I’m about 25 years from my compiler class so I am very hazy about anything from here onwards. I don’t think this is a left-recursive grammar issue because you consume the [ token (i.e. this is not A -> A𝛼|β). I think this is an artefact of building the parsers using function calls.

I’ve bent my brain around this problem and come up with nothing except that possibly this is one reason that NimbleParsec and ExSpirit use macros, rather than plain functions, so that recursion is possible.

Can anyone help me figure out what to do here?

Many thanks in advance.

mattmower · September 19, 2021, 2:50pm

The answer came from Frerich on the #Elixir slack.

I’d gotten too far into think about the parsing aspect of the problem and didn’t see the purely functional aspect - eager vs lazy evaluation.

The solution in the end is simple, introduce an intermediate parser that sits between value() and list()
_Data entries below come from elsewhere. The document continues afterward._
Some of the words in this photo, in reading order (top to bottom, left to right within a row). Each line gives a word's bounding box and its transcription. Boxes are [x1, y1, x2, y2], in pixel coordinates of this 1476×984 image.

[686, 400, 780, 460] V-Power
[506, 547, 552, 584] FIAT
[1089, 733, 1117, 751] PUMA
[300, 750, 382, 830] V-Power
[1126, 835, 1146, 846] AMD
My first use of a macro in Elixir:

defmacro lazy(parser) do
    quote do
      Parser.new(
        :lazy,
        fn ctx -> Parser.invoke(unquote(parser), ctx) end
      )
    end
  end

Now I can write:

def value() do
  choice([
    number_value(),
    boolean_value(),
    string_value(),
    lazy(list_value())
  ])
)

And the recursion is broken.

Qqwy · September 19, 2021, 8:00pm

Congradulations on writing your first macro!

Indeed, this is one of the places where lazy evaluation makes an algorithm simpler.
Situations like this, where infinite recursion happens while building an intermediate structure for things that ‘may’ exist to an unknown (but finite) depth, come up from time to time.
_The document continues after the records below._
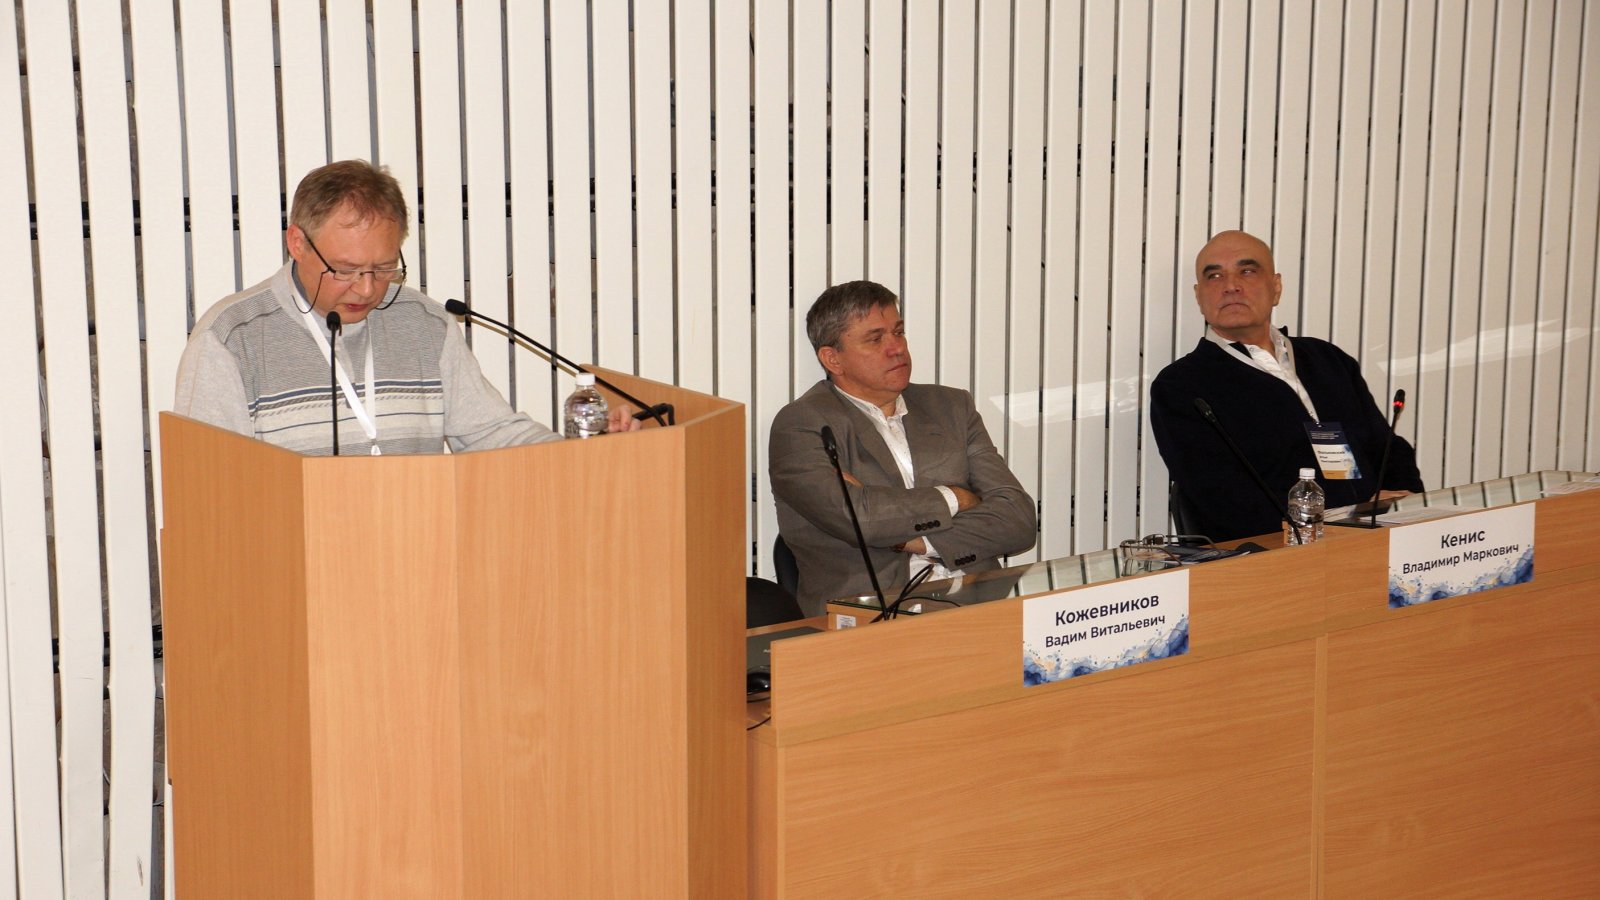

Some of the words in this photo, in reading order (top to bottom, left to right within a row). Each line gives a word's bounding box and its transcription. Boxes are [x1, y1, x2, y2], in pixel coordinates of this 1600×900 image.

[1441, 530, 1486, 548] Кенис
[1402, 554, 1460, 575] Владимир
[1463, 544, 1519, 562] Маркович
[1055, 595, 1159, 626] Кожевников
[1045, 631, 1087, 648] Вадим
[1091, 615, 1165, 638] Витальевич
The problem definitely is related to left-recursion. One could see it as left-recursion happening already before starting the parsing process itself.

In this particular example, you might be able to get away with a definition of lazy as a function (rather than a macro) like this:

def lazy(parser_producing_fun) do
  Parser.new(:lazy, fn cx -> Parser.invoke(parser_producing_fun.(), ctx) end
end

However, you’d need to call it as lazy(&list_value/0 instead of lazy(list_value()) so it alters the way it has to be used a little. Your choice

IloSophiep · September 19, 2021, 8:45pm

I recently finally took the time to watch that video myself.

I am wondering if I’m confusing stuff when I’m thinking that Saśa Jurić touches on the topic in the video already - starting at around 49:57min he talks about the problem of a subquery being its own select_statement() parser function.

He ends up evaluating the term lazily, just like you ended up doing, so I think it is the same situation you were dealing with?

sasajuric · September 19, 2021, 8:54pm

I came here to say exactly this The relevant part of the talk starts here. In the talk I opted for the function version (basically what @Qqwy suggests in the earlier response).

mattmower · September 20, 2021, 7:01am

Ah, it is a while since I watched the video and I forgot that Saša covered the problem in it. Thanks anyway! Would have saved me a lot of bother if I had remembered that!

I did think about the function approach as an alternative but (esp in a case where the deferred parser may take arguments) I thought the macro was likely to be cleaner at a cost of being slightly less clear that something unusual is going on.

Perhaps I might change the name to LAZY or lazy! to make it clearer there’s something to take note of.

mattmower · September 20, 2021, 7:16am

Yes, it’s kind of a left-recursion at the Elixir level. In my Ergo docs I’m calling this “Eager recursion” to distinguish from left-recursion in the grammar itself.